Trump capitalized on the Republican base’s disaffection with the Bush family, going so far as to blame George W. Bush for the 9/11 terrorist attacks in a 2016 primary debate.

“The Bush brand is not what Republican base voters are looking for right now,” Miller said. “It’s not like [George P. Bush] was some Bush third cousin, or the rebel in the family. He was very much the natural successor to the original Bush brand, and no matter how much he tried to change, people could smell it wasn’t authentic MAGA,” he said, referring to Trump’s “Make America Great Again” movement.

Bush tried to outrun his family legacy by repositioning himself as an America First candidate. His campaign rolled out red beer koozies with a rendering of Trump shaking Bush’s hand and saying, “This is the Bush that got it right.” He ran to the right on immigration, moving from supporting in-state tuition for undocumented immigrants brought to the country as children to promising to finish building Trump’s border wall. He called for declaring an “invasion” at the border.
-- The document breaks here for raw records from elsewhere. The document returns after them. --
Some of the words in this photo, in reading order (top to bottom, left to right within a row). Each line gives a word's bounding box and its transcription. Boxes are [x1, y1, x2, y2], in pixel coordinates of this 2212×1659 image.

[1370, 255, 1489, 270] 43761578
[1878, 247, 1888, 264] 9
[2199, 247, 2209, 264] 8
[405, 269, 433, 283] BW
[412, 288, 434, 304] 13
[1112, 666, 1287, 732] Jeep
He appeared on Real America’s Voice, the right-wing video network that’s home to former Trump strategist Stephen K. Bannon, to support adding more prosecutors to pursue voter fraud.
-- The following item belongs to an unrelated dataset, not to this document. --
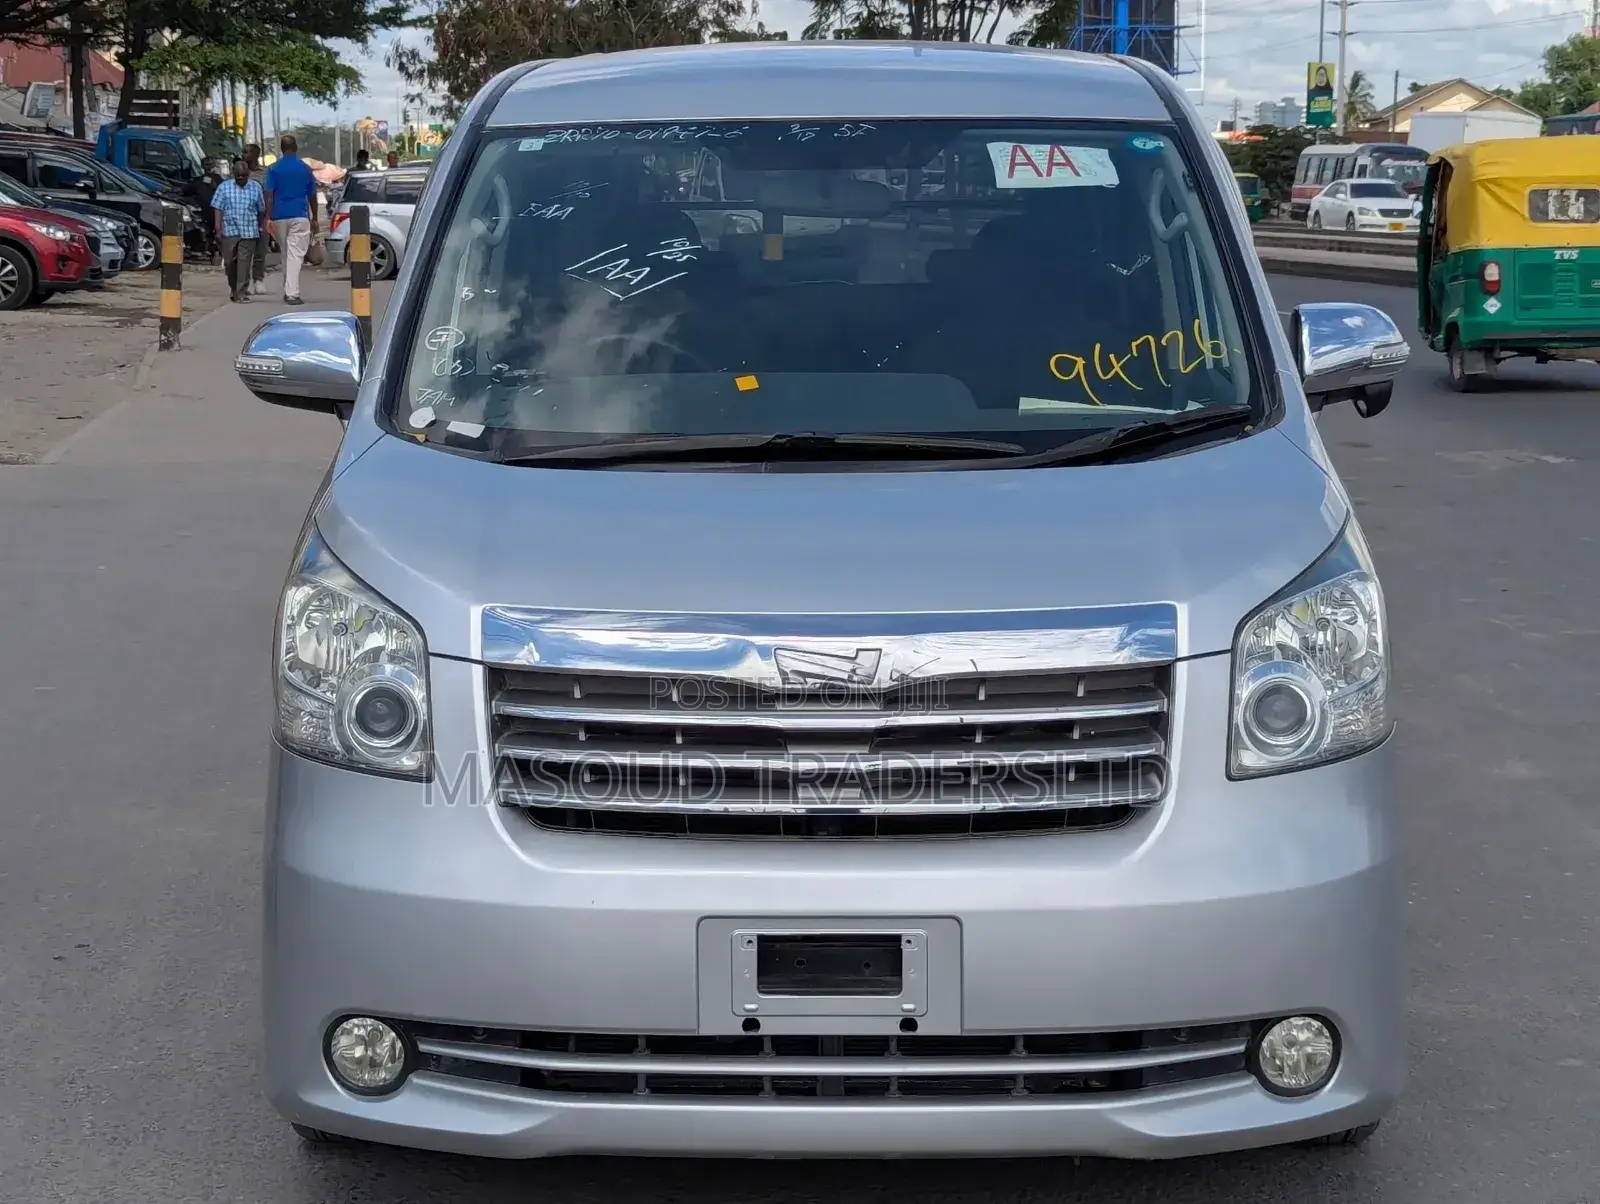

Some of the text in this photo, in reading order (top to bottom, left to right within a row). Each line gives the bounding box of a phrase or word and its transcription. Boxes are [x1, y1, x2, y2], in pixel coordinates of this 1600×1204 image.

[1007, 144, 1082, 179] AA
[1553, 250, 1580, 260] TVS
[1049, 318, 1228, 407] 94726
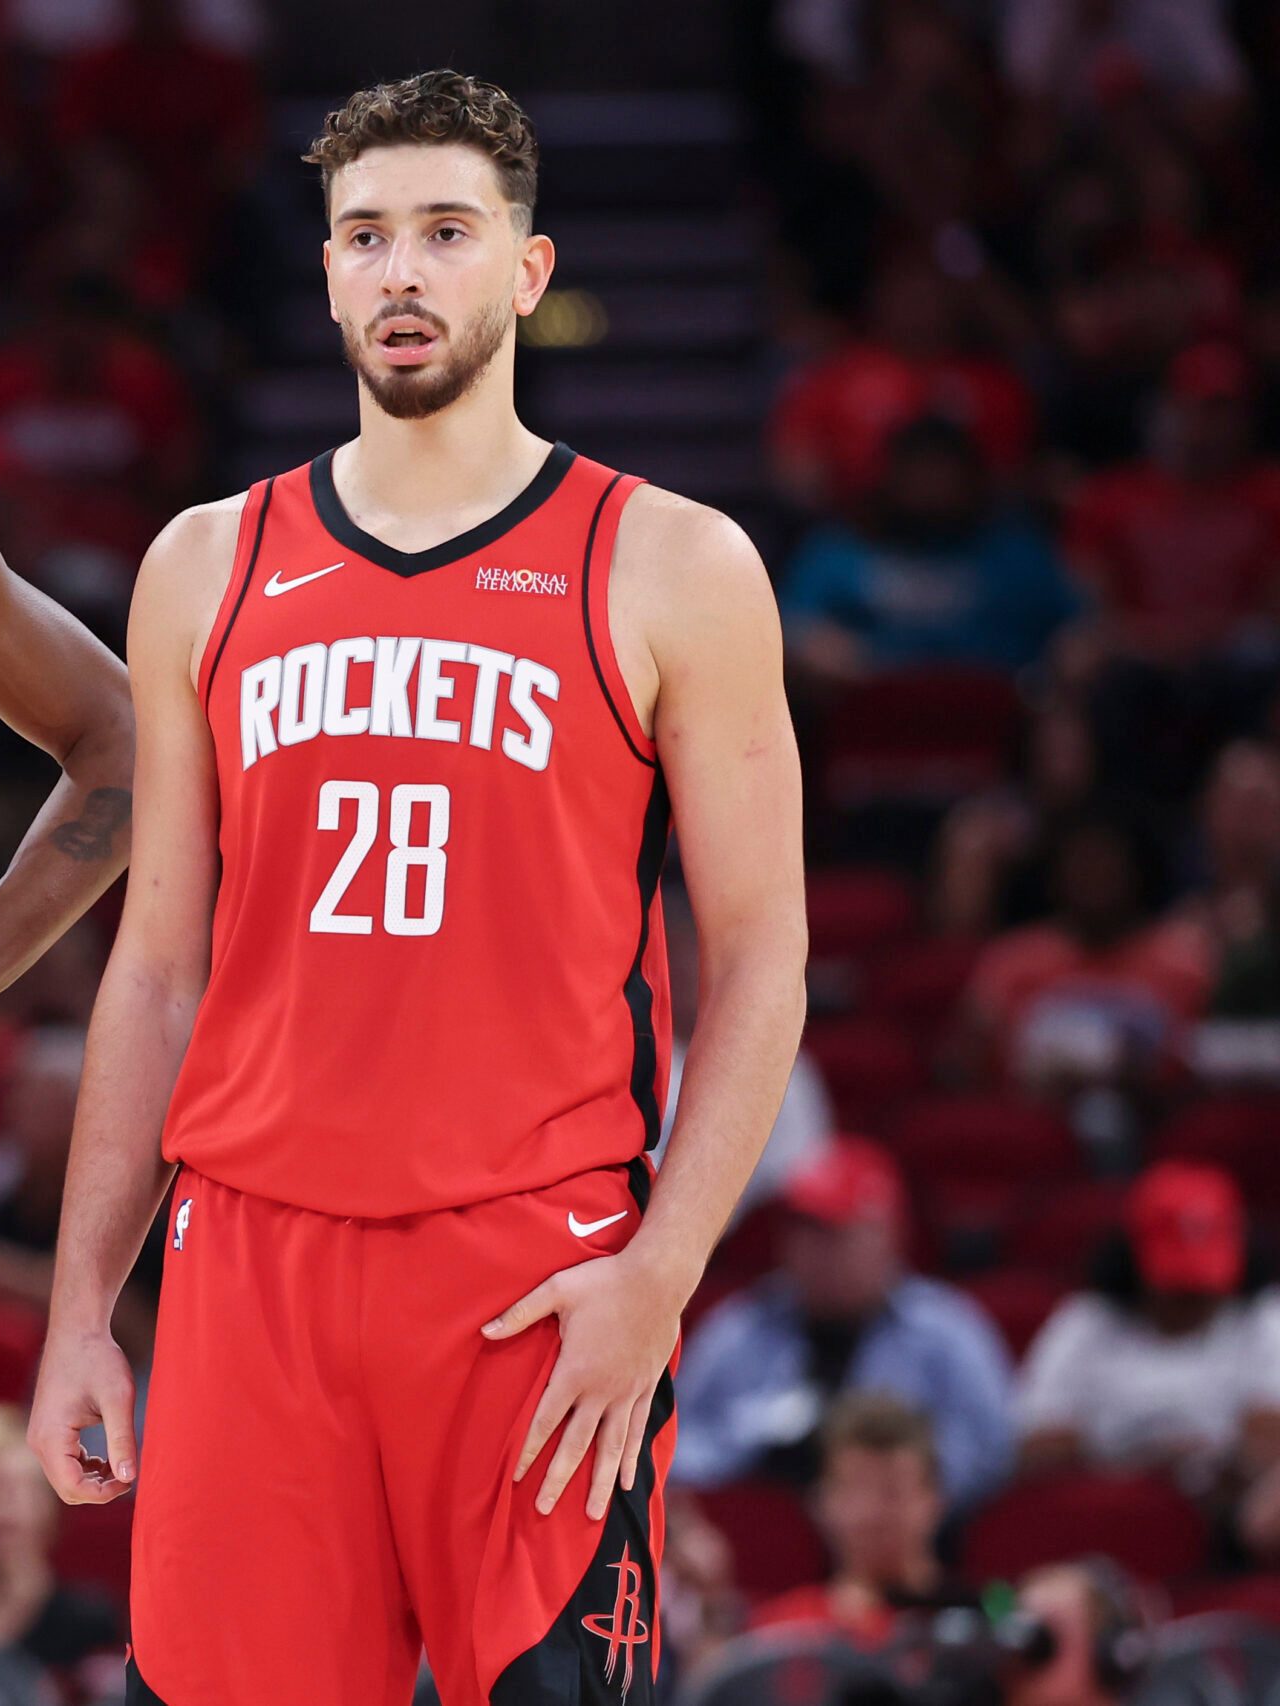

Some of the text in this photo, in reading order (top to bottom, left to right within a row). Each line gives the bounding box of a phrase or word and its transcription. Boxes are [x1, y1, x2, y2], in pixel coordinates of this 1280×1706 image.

Bush also closed the campaign by hitting Paxton harder for his ethics scandals. Paxton ads throughout the campaign attacked Bush as a “liberal.”
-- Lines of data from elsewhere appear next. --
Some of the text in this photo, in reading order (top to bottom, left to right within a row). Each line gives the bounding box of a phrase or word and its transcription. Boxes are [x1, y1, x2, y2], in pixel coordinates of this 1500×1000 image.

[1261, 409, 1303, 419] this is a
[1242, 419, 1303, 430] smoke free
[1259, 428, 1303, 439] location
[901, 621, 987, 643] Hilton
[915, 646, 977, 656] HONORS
Bush’s gestures at Trumpism made some longtime friends of his and his family’s cringe.

“I was disappointed in him and told him that to his face,” said Jason Villalba, a former state senator who renounced the GOP in 2016 and now leads the Texas Hispanic Policy Foundation. “But I also know politics. He’s playing a role he’s got to play in order to win. I get it. Trumpism is what it means to be a Republican today.”

But others say Bush genuinely holds views to the right of his famous family members. His father, Jeb Bush, as governor of Florida was considered more of a conservative darling than his brother George W. Bush was as governor of Texas. And George P. Bush’s coming of age coincided with the rise of a Republican base that prized all-out partisan warfare. In 2012, the younger Bush rocked the Texas GOP establishment by endorsing long-shot conservative firebrand Ted Cruz for Senate and then calling him the future of the party.

“I’m not at all surprised that George P. would be more conservative and more receptive to the shifts in the Republican Party that occurred over the last 15 to 20 years,” said Daron Shaw, who worked on the 2000 and 2004 presidential campaigns and is now a politics professor at the University of Texas at Austin. “It’s a new generation and he’s been more sensitive to some of these issues. I think he’s more that way than Jeb and W.”

Many observers, though, say Bush struggled to convince Texas primary voters that his genes are not his destiny. They’ve been let down by Bushes before, said Luke Macias, a Texas-based Republican consultant and podcast host who works with a PAC supporting Paxton.

“George W. Bush spent his entire political career telling conservatives and evangelicals, ‘I’m one of you,’ and then often governing in the middle and campaigning on the right,” Macias said. “There’s a little bit of ‘Fool me once, shame on you. Fool me twice, shame on me’ to Texas voters who feel like they’ve been fooled by Bushes quite a few times,” he added, quoting a proverb that the former president famously flubbed.

There was no room to campaign to the right of Paxton, who asked the Supreme Court to overturn the 2020 election, spoke at the Jan. 6, 2021, rally that turned into an attack on the Capitol, and has attacked gender-affirming health care for transgender children. Paxton locked up Trump’s endorsement, notwithstanding the detailing on any beer koozies.

“The idea that the Bushes are insufficiently conservative is very hard to get your mind around. 1994 me watching George W. Bush beat Ann Richards handily would not believe 2022 me telling 1994 me this guy will one day in the future be seen as a RINO,” said Evan Smith, the CEO of the Texas Tribune, using a term that stands for “Republican in Name Only.” “Bush’s brand of conservatism does not compute in the modern world. The world changed.”